If you are mixing inductive and capacitive loads then addition of a load may cause the current to drop, regardless of the connection, line to line or line to neutral.
You may have calculated a "C" phase load as an addition to the "A" phase current or you may have made a sign error or an angle error.
Or, you may be adding a capacitor to an inductor.

Bill
--------------------
"Why not the best?"
Jimmy Carter

 

[jghrist]

These software program are making it so we don't know if they are giving us the corrent information. This program I use was incorrect and I assumed it was correct.

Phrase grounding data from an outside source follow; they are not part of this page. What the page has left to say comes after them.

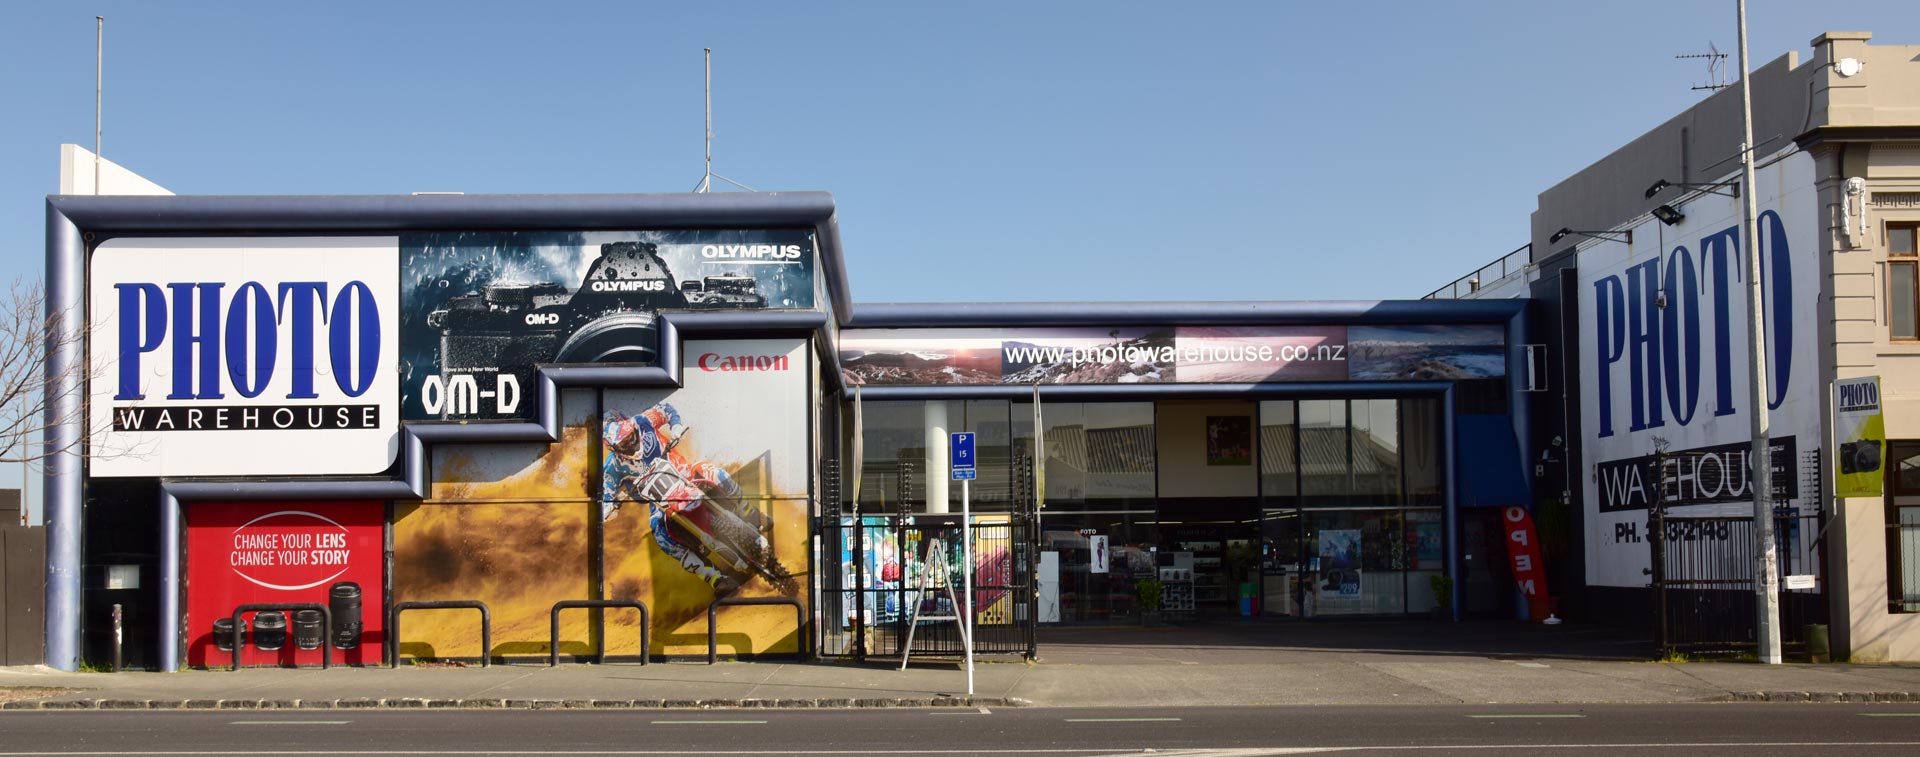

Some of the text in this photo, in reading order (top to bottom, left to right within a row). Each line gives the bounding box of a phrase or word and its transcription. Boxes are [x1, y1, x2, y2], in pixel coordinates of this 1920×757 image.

[701, 244, 801, 259] OLYMPUS
[591, 280, 665, 292] OLYMPUS
[525, 313, 559, 325] OM-D
[1594, 209, 1793, 438] PHOTO
[113, 280, 381, 400] PHOTO
[698, 352, 789, 372] Canon
[1005, 343, 1345, 368] www.photowarehouse.co.nz
[421, 374, 520, 414] OM-D
[1840, 382, 1877, 406] PHOTO
[120, 407, 375, 430] WAREHOUSE
[959, 434, 967, 444] P
[959, 450, 967, 458] 15
[1603, 444, 1785, 507] WAEHOUE
[234, 533, 346, 549] CHANGE YOUR LENS
[1615, 520, 1729, 544] PH. 3-2148
[231, 550, 350, 566] CHANGE YOUR STORY

If the program uses the simplified NEC kVA method, then it may give different answers than a rigorous analysis, but still not be wrong. As Rafiq stated in an earlier post, the results will be conservative which is not bad.

 

[bjenks]

I started from scratch on the spreadsheet as I found two other errors. 1) I believe you have to replace PF angle from the actual angle. The orginal was just the opposite. 2) The Current nodes were in the wrong direction compared to the Voltage.

After fixing that, I was able to update the actual current and now have the same answer as the software program and it now makes sense.

real imag
Iab 18.00 10.39
Ica 0.00 0.00
Ian 3.00 0.00
Ia 21.00 10.39
Mag Angle(?)
Ia 23.43 26.33


real imag
Ibc 0.00 0.00
Iab 18.00 10.39
Ibn 0.00 0.00
Ib -18.00 -10.39
Mag Angle(?)
Ib 20.78 -150.00

I shouldn't need to do any updates from here as I tried all types of different situations and they all lined up with what logic would suggest. Here is the last spreadsheet update.

 

[burnt2x]

bjenks,
Please try punching-in PF's other than lagging loads (negative PF) and you won't get calculations done because you set PF data validation to "between" 0.000001 and 1. Suggest you reset PF data input validation to "less than" 1.000000009 or so to get the logic right.
I guess this is one reason why we didn't get the correct vector for currents since we missed to consider PF sign wrt lagging/leading PFs.
Please see attached file.
BTW, thanks for getting the exercise closure. It's been a long time since I get to do some calculations because we relied too much on softwares.

 

[bjenks]

I guess this is one reason why we didn't get the correct vector for currents since we missed to consider PF sign wrt lagging/leading PFs.

You are correct, I should have added that to make this complete. If I remember correctly, Leading PF would add to the original angle and Lagging would subtract. With that in mind I added this feature to the spreadsheet.